In den Akten kämen verstärkt Todesursachen wie Lungenentzündung, Tuberkulose oder Durchfall vor, sagt Sibylle von Tiedemann. Doch die Krankheiten waren kein Zufall, der Tod war kalkuliert. Valentin Faltlhauser, der Leiter der Heil- und Pflegeanstalt Kaufbeuren, hatte zuvor mit einer Nahrung aus Wasser und abgekochtem Gemüse experimentiert, die keinerlei Fett und überhaupt kaum Nährstoffe enthielt.

Diese Hungerkost machte die Patienten anfällig: Sie verhungerten nicht, sondern starben zuvor an Krankheiten, denen ihr geschwächter Körper keinen Widerstand mehr entgegensetzen konnte.

Und die Kaufbeurer Hungerkost wurde zum Vorbild: In einem Erlass vom Herbst 1942 schrieb Walter Schultze, Ministerialrat im bayerischen Innenministerium, den Leitern der Heil- und Pflegeheime diese Ernährungsart vor. Ihr Erfinder Faltlhauser rechtfertigte die Mangelernährung später damit, die Patienten hätten nicht gearbeitet, also hätten sie auch weniger Kalorien gebraucht.

Und die Ärzte? Hemmungen, Kranke verhungern zu lassen, hätten zwar durchaus mehrere Mediziner, Pfleger oder Krankenschwestern gespürt, sagt Michael von Cranach. Einzelne Ärzte beispielsweise hätten die Anstalten verlassen und eigene Praxen eröffnet, die Kündigungszahlen gingen deutlich nach oben. Einer von ihnen war Friedrich Hölzel, der Leiter der Kinderabteilung in Eglfing-Haar: ein SA-Mann, der es nicht über sich brachte, Kinder zu töten. Er quittierte den Dienst. Offenen Widerstand aber gab es selten.

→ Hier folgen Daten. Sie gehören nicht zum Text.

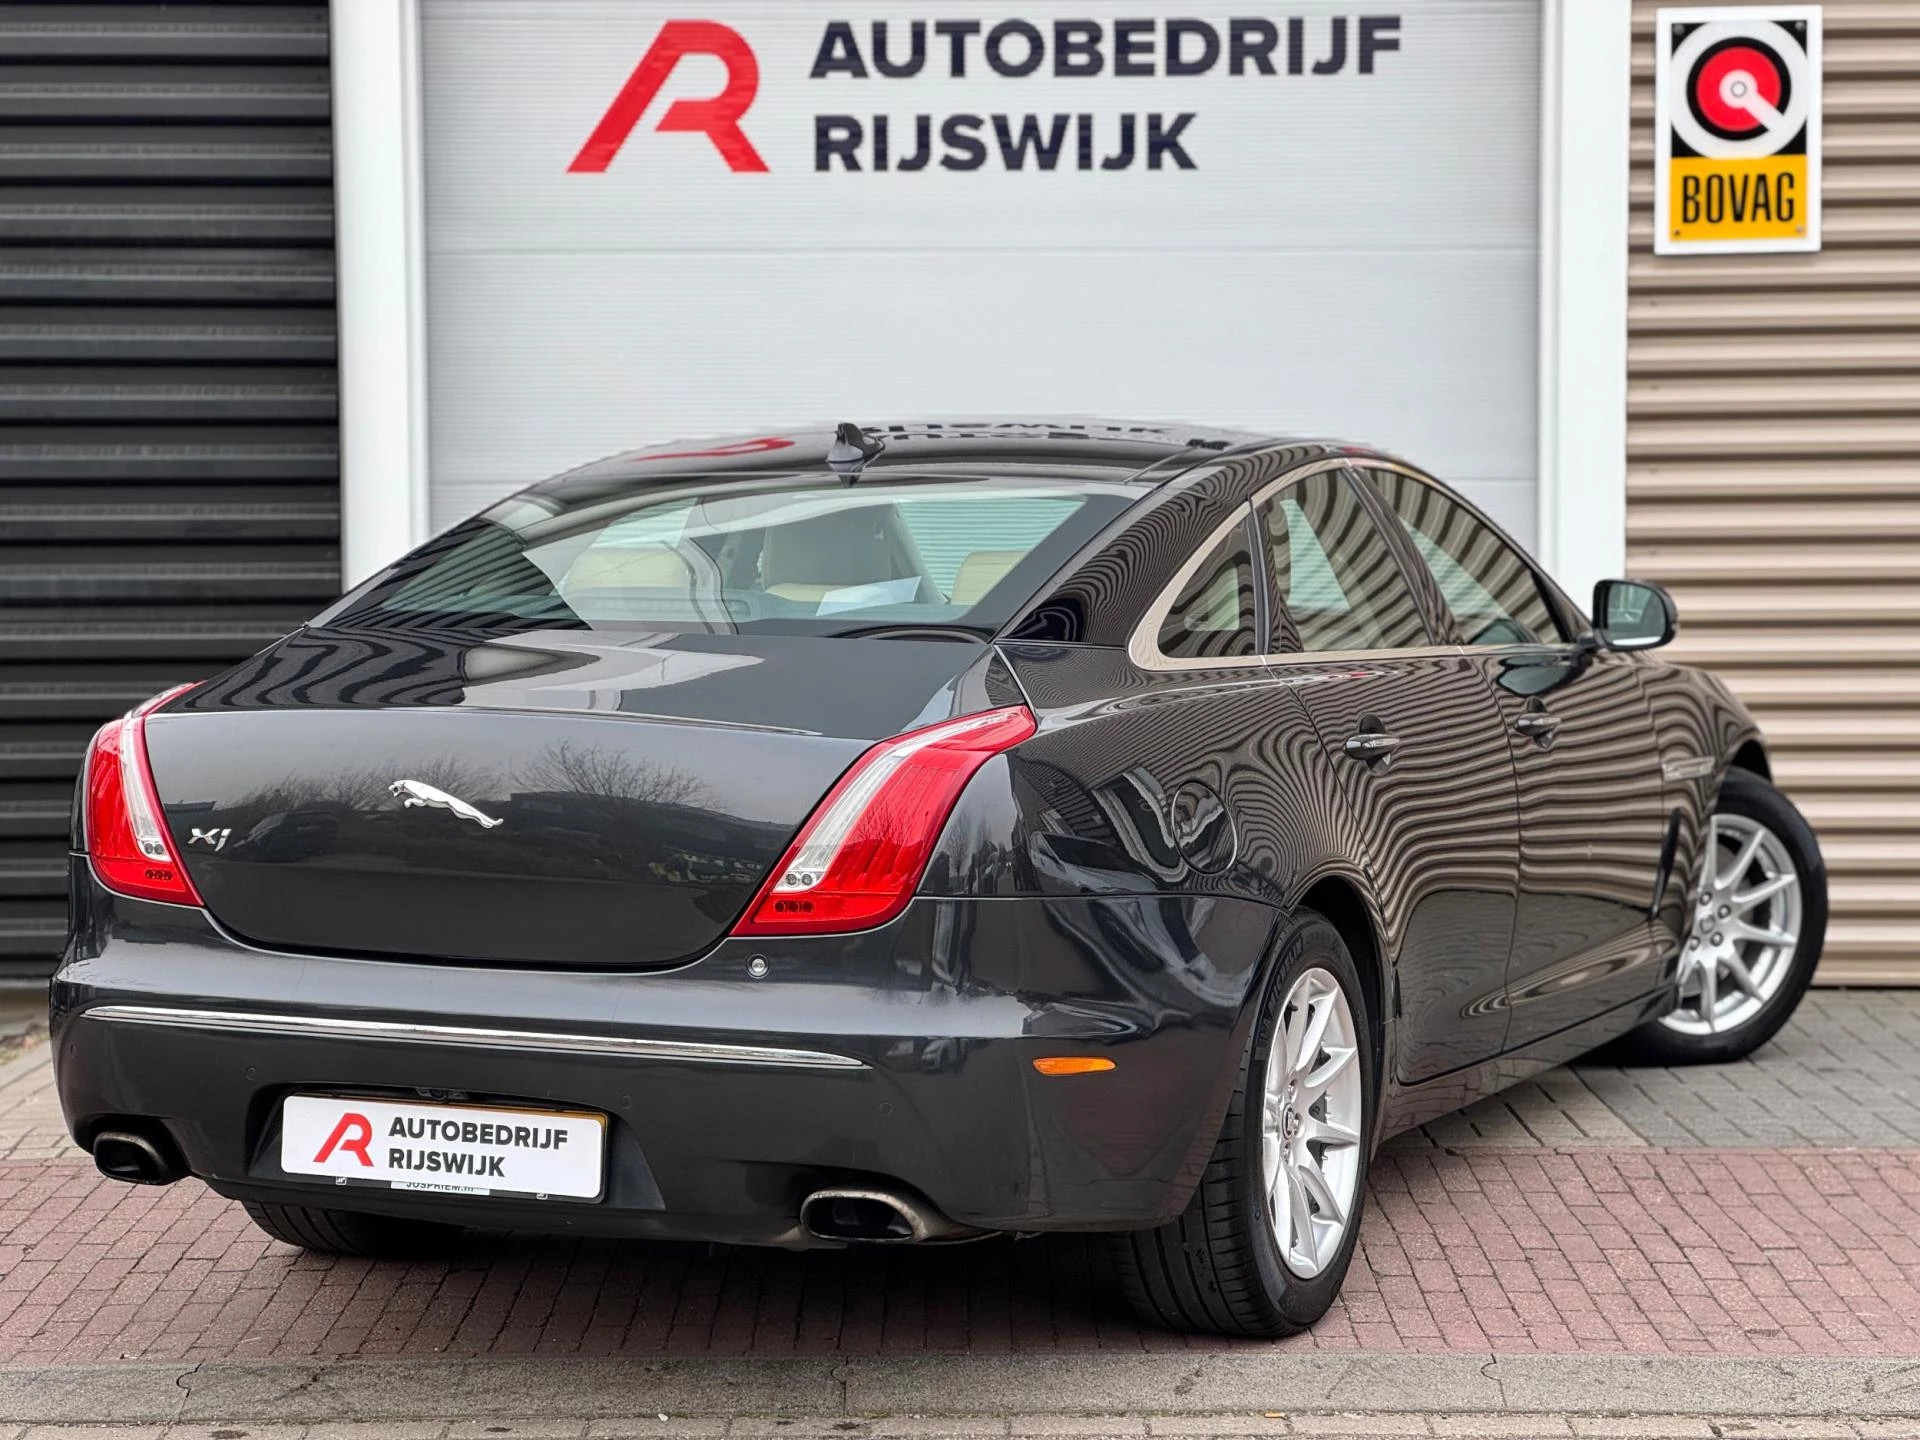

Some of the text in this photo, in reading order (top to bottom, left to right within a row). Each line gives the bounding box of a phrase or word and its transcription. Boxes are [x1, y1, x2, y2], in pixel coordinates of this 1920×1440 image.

Der Erlass ging auch an Hermann Pfannmüller, den Leiter der Heil- und Pflegeanstalt Eglfing-Haar. Hier wurden zwei "Sonderkost-Häuser" eingerichtet, deren Bewohner hungern mussten. Ihre Tode sind gut dokumentiert: Die Ärzte fertigten detaillierte Gewichtslisten an; sie läsen sich wie Dokumentationen des Verbrechens, sagt Cranach.

"Ich wiege nur noch 40 Kilogramm, was wiegst Du?"

In den Krankenakten fänden sich nun außerdem lapidare Vermerke wie "Patient nimmt wenig Nahrung zu sich", erzählt Sibylle von Tiedemann. Auch Briefe seien erhalten, in denen die Insassen der Hunger-Häuser ihre Angehörigen darum baten, ihnen Essen zu schicken. "Ich wiege nur noch 40 Kilogramm, was wiegst Du?" Dieser Satz aus einem der Briefe blieb Tiedemann im Gedächtnis haften. Doch es kam keine Hilfe. Die ärztlichen Bewacher hielten die Briefe zurück.

Auch Elisabeths Mutter erhielt keine Antwort auf ihr verzweifeltes Schreiben. Der Brief trägt einen Eingangsstempel vom 12. August. Doch als er die Klinik in Kaufbeuren erreichte, war das Mädchen vermutlich bereits tot.